EXERCISE DIRECTIONS — Retype every line from the one containing "this 1904×1428 image." through the last line of the records below, both included; leave out the pictures.

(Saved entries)
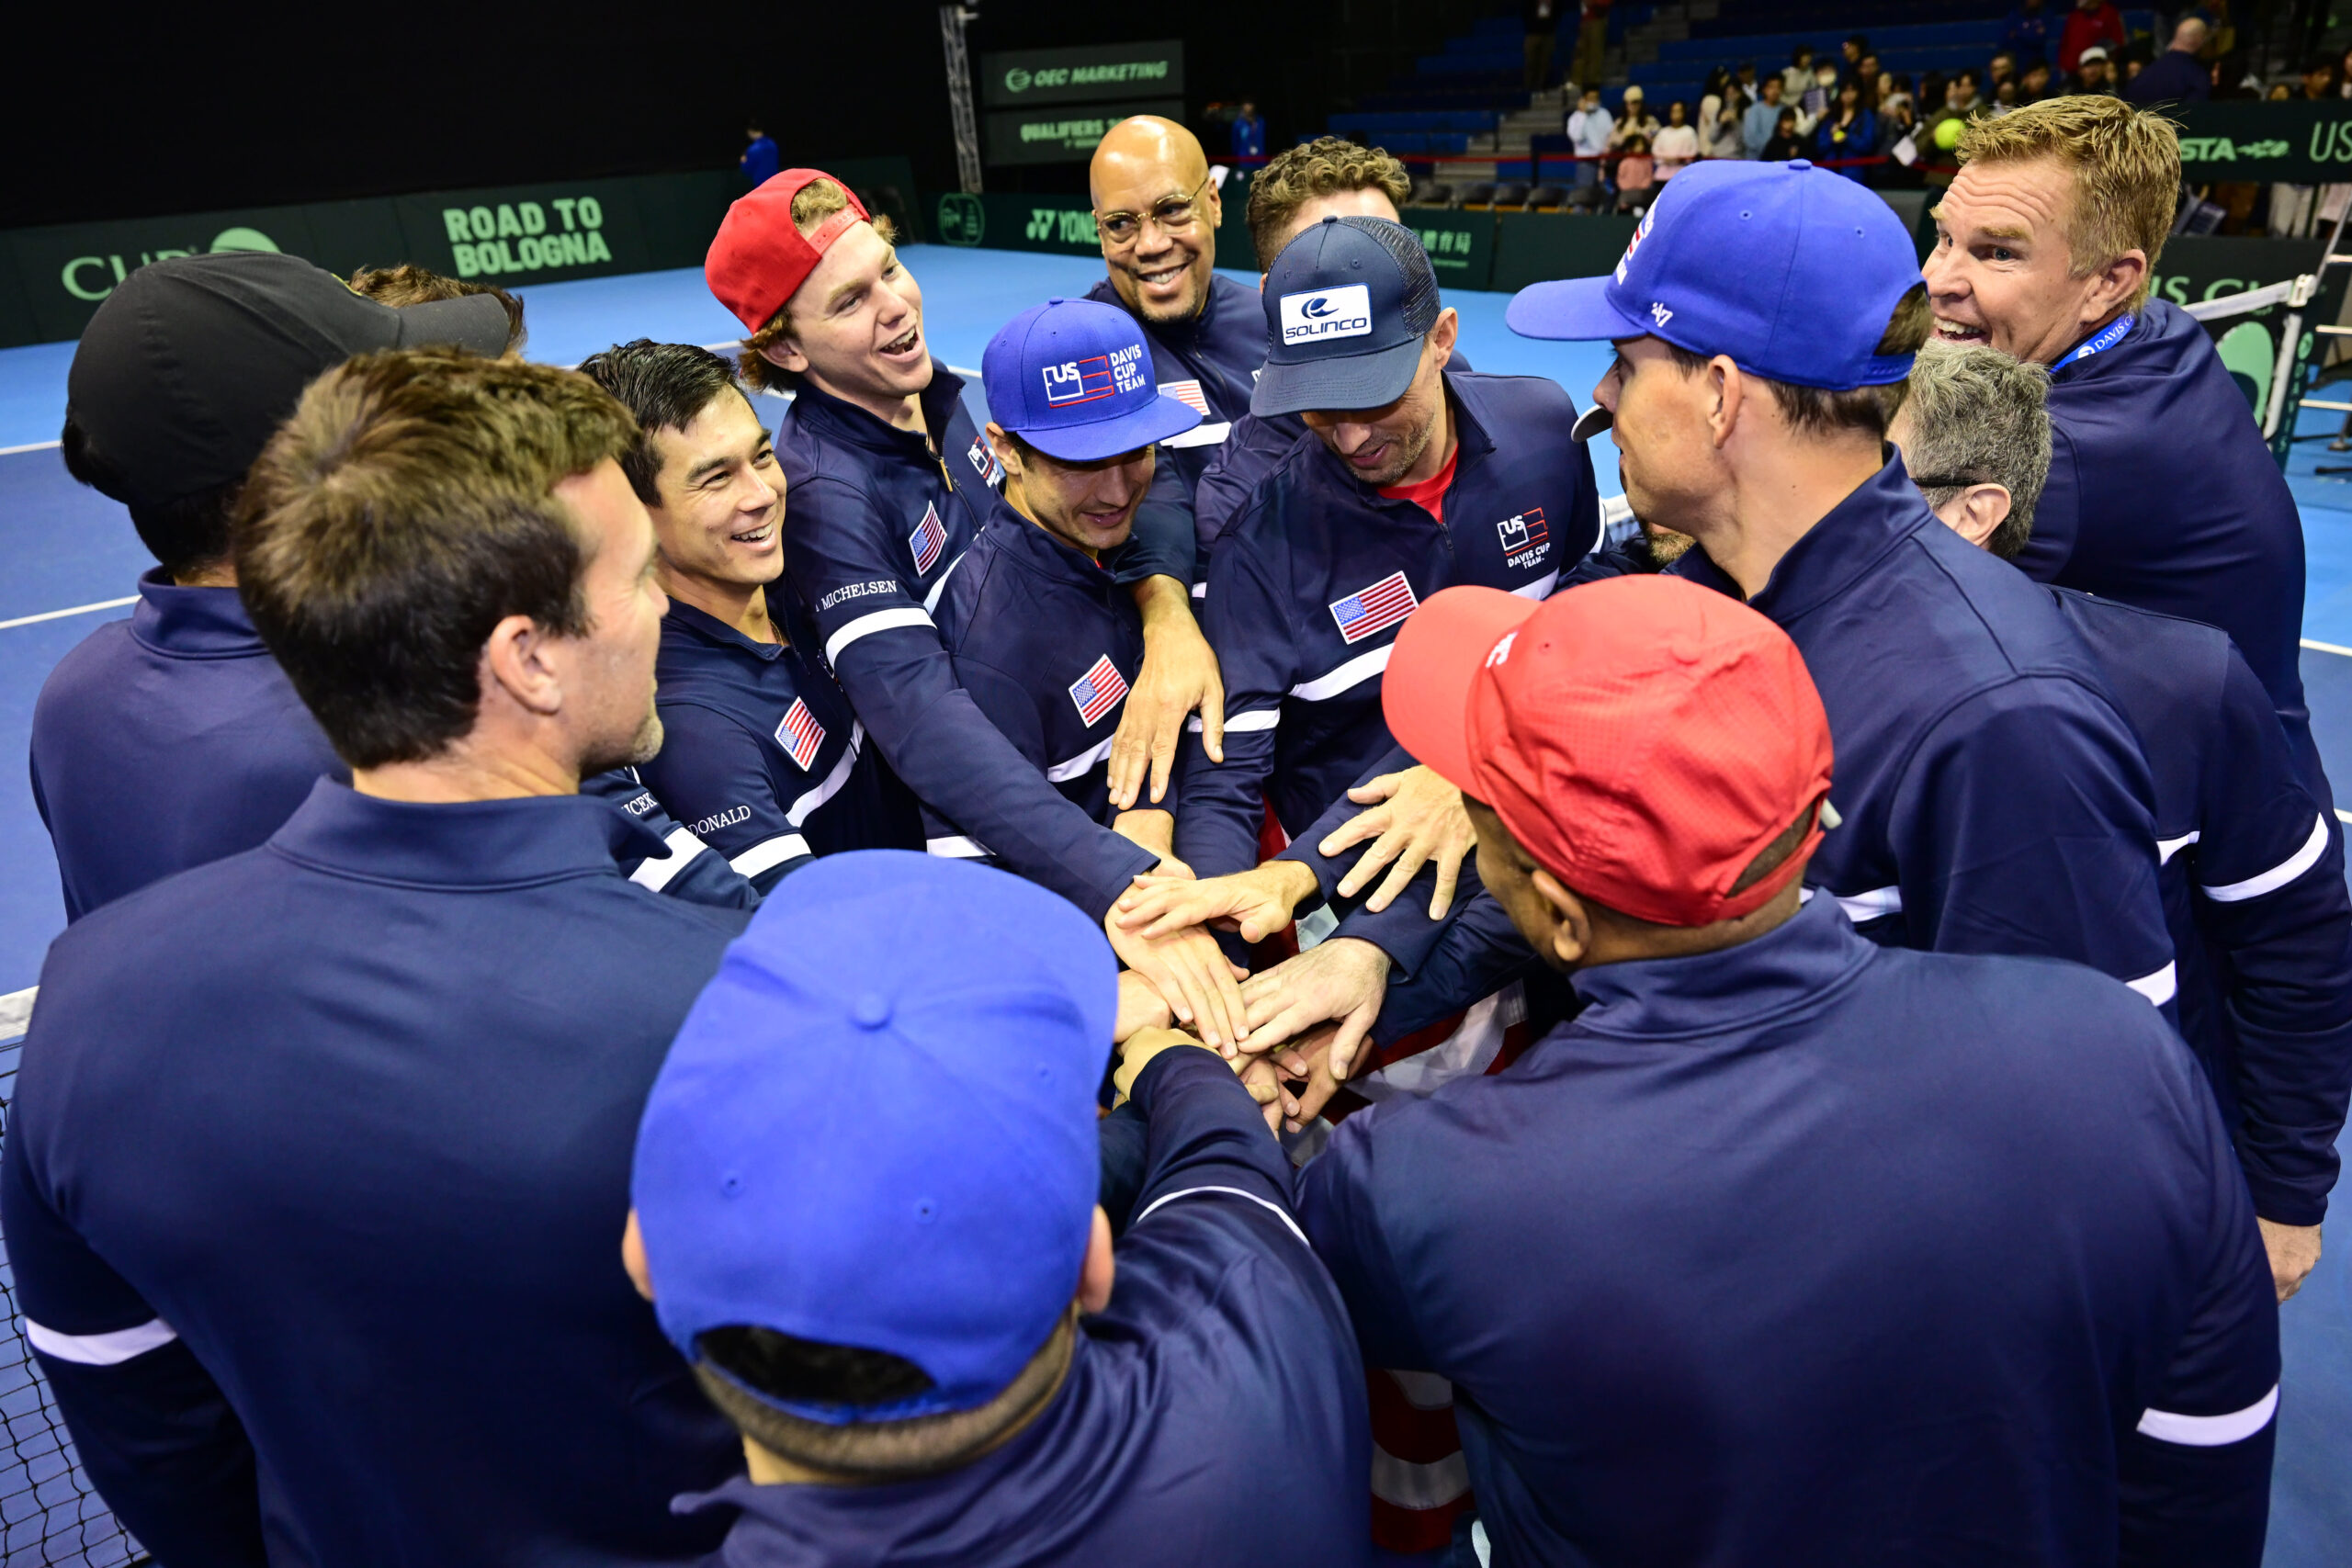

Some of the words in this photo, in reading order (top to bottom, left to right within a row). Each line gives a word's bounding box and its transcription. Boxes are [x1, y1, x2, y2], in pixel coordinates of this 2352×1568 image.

[1035, 69, 1069, 86] OEC
[1071, 61, 1168, 85] MARKETING
[1021, 119, 1103, 142] QUALIFIERS
[2179, 138, 2236, 162] STA
[443, 201, 547, 243] ROAD
[552, 197, 604, 231] TO
[1058, 209, 1102, 244] YONE
[1412, 228, 1471, 254] 體育局
[453, 230, 612, 277] BOLOGNA
[62, 249, 191, 300] CU
[1284, 317, 1367, 339] SOLINCO
[2095, 322, 2124, 350] DAVIS
[1110, 344, 1142, 367] DAVIS
[1052, 362, 1080, 383] US
[1114, 362, 1136, 381] CUP
[1116, 374, 1146, 394] TEAM
[1504, 514, 1523, 535] US
[1508, 549, 1534, 568] DAVIS
[1535, 542, 1551, 556] CUP
[1522, 555, 1542, 570] TEAM
[821, 581, 897, 610] MICHELSEN
[621, 792, 658, 816] ICEK
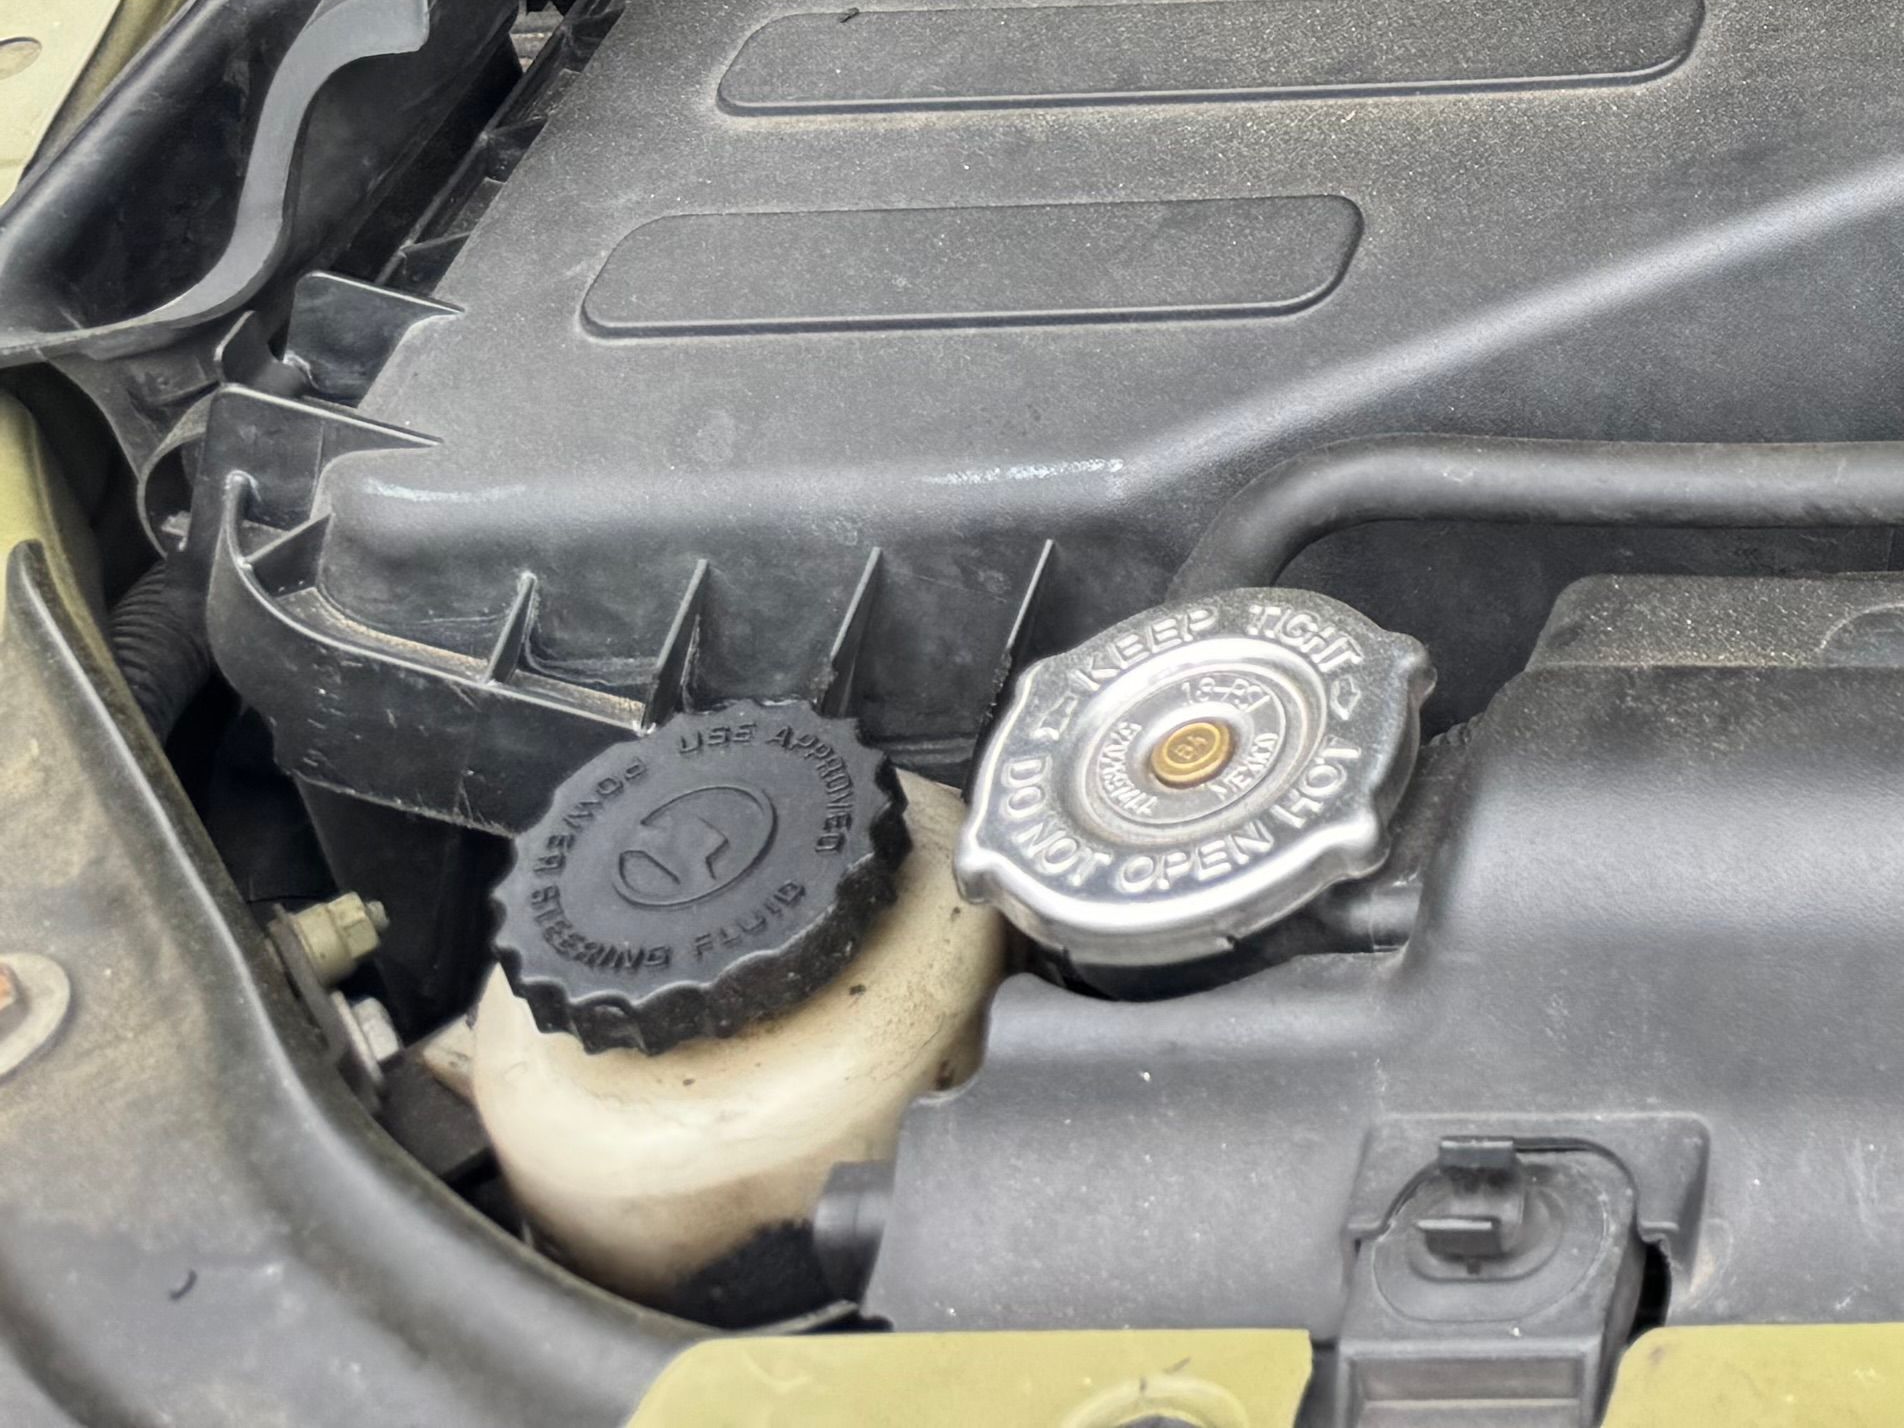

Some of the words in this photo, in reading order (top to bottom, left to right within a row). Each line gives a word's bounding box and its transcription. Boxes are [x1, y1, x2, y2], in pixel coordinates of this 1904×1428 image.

[1080, 606, 1221, 693] KEEP
[1248, 604, 1365, 681] TIGHT
[532, 754, 650, 879] POWER
[676, 720, 758, 754] USE
[764, 724, 855, 856] APPROVED
[1001, 756, 1044, 820] DO
[1270, 734, 1364, 830] HOT
[1011, 822, 1112, 887] NOT
[1119, 818, 1278, 894] OPEN
[529, 883, 674, 971] STEERING
[692, 879, 808, 961] FLUID
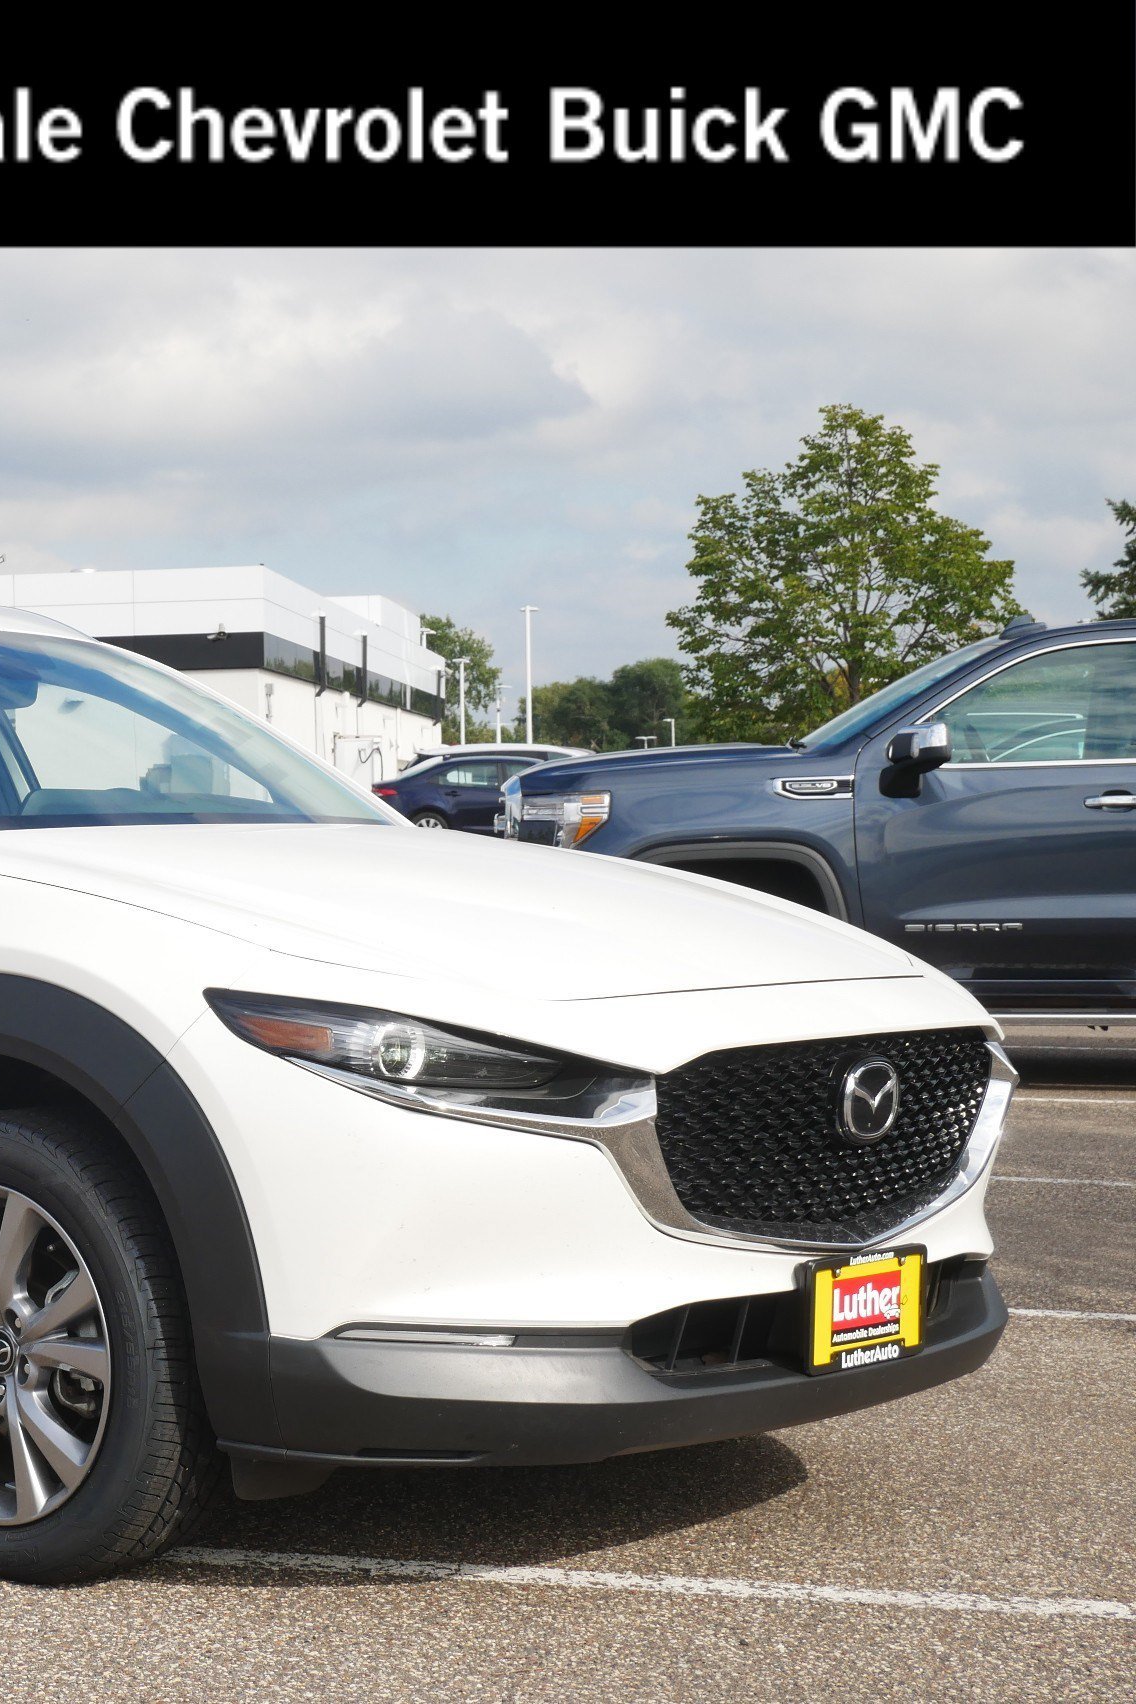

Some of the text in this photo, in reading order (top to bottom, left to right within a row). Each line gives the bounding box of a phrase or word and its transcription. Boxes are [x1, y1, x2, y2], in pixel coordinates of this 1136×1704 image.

[904, 922, 1024, 933] SIERRA
[849, 1251, 895, 1266] LutherAuto.com
[832, 1282, 901, 1322] Luther
[832, 1322, 899, 1343] Automobile Dealerships
[841, 1343, 900, 1369] LutherAuto

EXERCISE RESPONSE —
Some of the words in this photo, in reading order (top to bottom, left to right within a row). Each line gives a word's bounding box and its transcription. Boxes are [x1, y1, x2, y2], in pixel coordinates of this 1904×1428 image.

[1080, 606, 1221, 693] KEEP
[1248, 604, 1365, 681] TIGHT
[532, 754, 650, 879] POWER
[676, 720, 758, 754] USE
[764, 724, 855, 856] APPROVED
[1001, 756, 1044, 820] DO
[1270, 734, 1364, 830] HOT
[1011, 822, 1112, 887] NOT
[1119, 818, 1278, 894] OPEN
[529, 883, 674, 971] STEERING
[692, 879, 808, 961] FLUID

Some of the text in this photo, in reading order (top to bottom, left to right within a row). Each line gives the bounding box of a phrase or word and its transcription. Boxes are [x1, y1, x2, y2], in pixel coordinates of this 1136×1704 image.

[904, 922, 1024, 933] SIERRA
[849, 1251, 895, 1266] LutherAuto.com
[832, 1282, 901, 1322] Luther
[832, 1322, 899, 1343] Automobile Dealerships
[841, 1343, 900, 1369] LutherAuto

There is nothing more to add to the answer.